Rondaba diciembre del pasado año, y un afamado sociólogo español presentaba en una apenas publicitada sesión en la Universitat de València los resultados de sus recientes investigaciones en torno a las desigualdades sociales en el seno del actual modelo de educación español. Permítaseme antes de entrar en materia la licencia de, en lo que en columnistas “todólogos” constituye un gesto de significado enteramente diferente a este, omitir el nombre del ponente, en tanto que este texto no pretende ser una réplica académica a sus contenidos, pues no es este lugar ni yo quién, sino más bien una reflexión al hilo de unas breves palabras que cruzamos off the record tras la conferencia.

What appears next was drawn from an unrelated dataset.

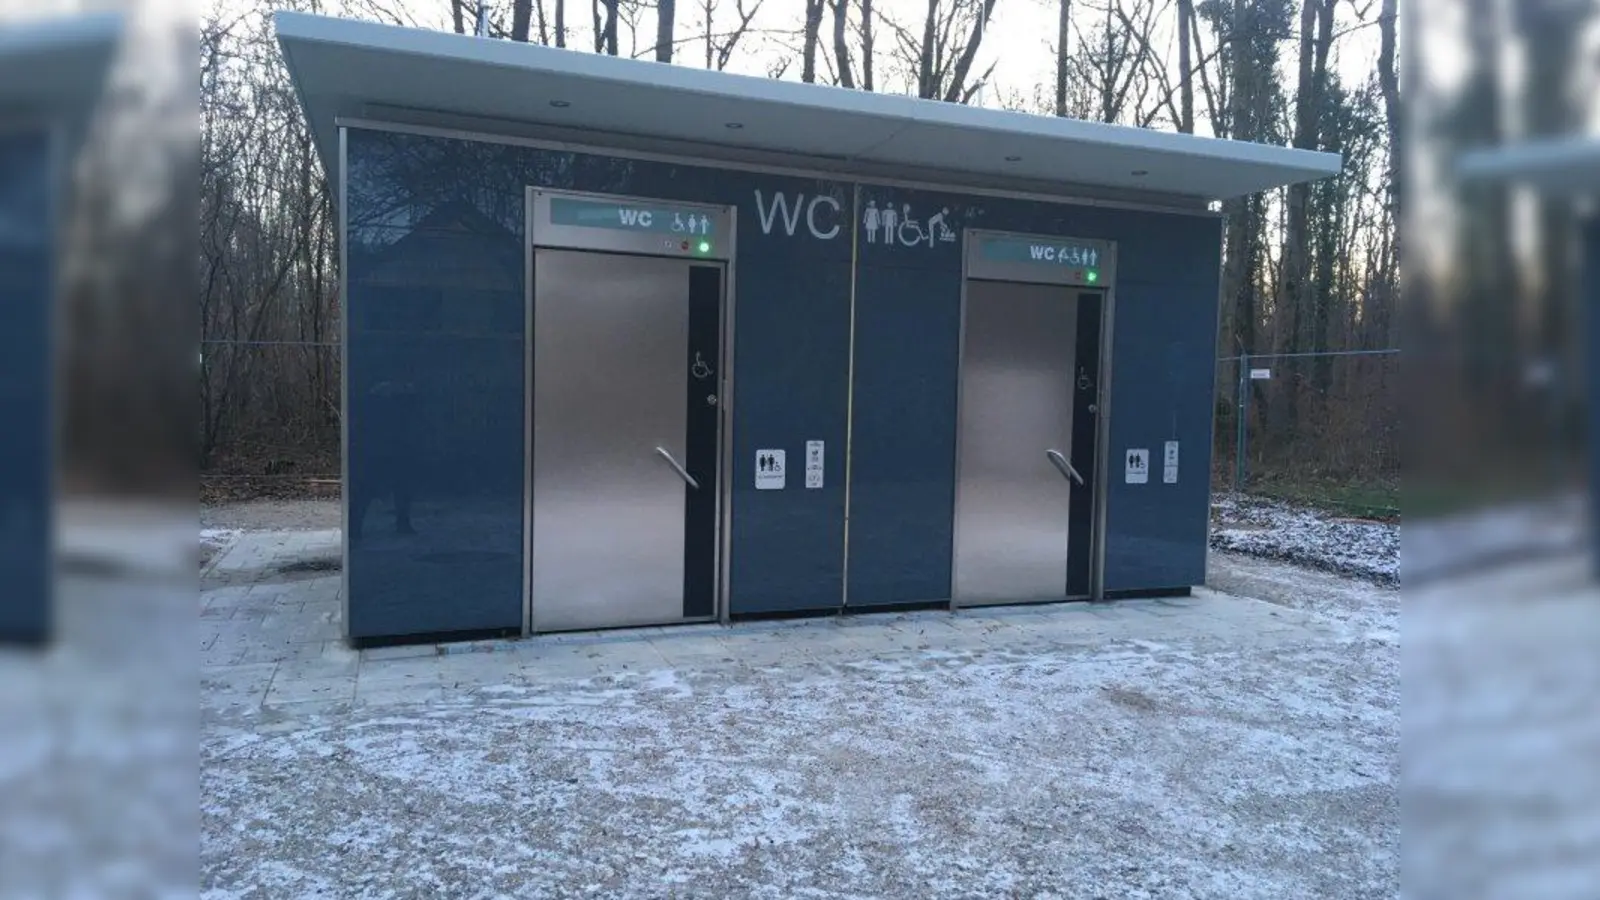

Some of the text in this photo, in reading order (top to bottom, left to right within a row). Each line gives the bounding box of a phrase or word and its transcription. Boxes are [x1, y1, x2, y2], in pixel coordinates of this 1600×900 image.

[619, 209, 652, 227] WC
[754, 189, 840, 240] WC
[1030, 245, 1055, 260] WC

Su exposición fue reveladora en muchos aspectos. A la luz de los datos obtenidos de encuestas y grupos de discusión el ponente evidenció toda suerte de desigualdades vinculadas a la clase social y al género. Entre ellas, que independientemente de los altos índices de escolarización eran los hijos e hijas de las clases populares, así como sus injustamente culpabilizados padres y madres, los que bajo la superficie del igual derecho a la educación pública se llevaban la peor parte mediante toda una serie de estrategias de reproducción y cierre social llevadas a cabo por las clases medias. Escapa el objeto y extensión de este escrito el enumerar con el merecido rigor científico todos los argumentos expuestos aquella mañana, pero sin embargo resaltaré tan sólo uno de entre los muchos discursos que el conferenciante desbancó en su ponencia. Éste no es otro que aquel que, valiéndose de los aparentemente pobres resultados obtenidos por España en los informes PISA, afirma que cada vez la calidad de la educación pública es peor, de ahí la existencia de desigualdades sociales. El ponente mostró que al desagregar los datos del famoso informe PISA según el nivel de estudios de los padres se demostraba que los valores para España están en torno a la media de los países miembros de la OCDE. Incluso en relación al alumnado con padres y madres con nivel de estudios de primaria, España está por encima de la media de la OCDE, lo que evidenciaría un mayor nivel de equidad en ese tramo.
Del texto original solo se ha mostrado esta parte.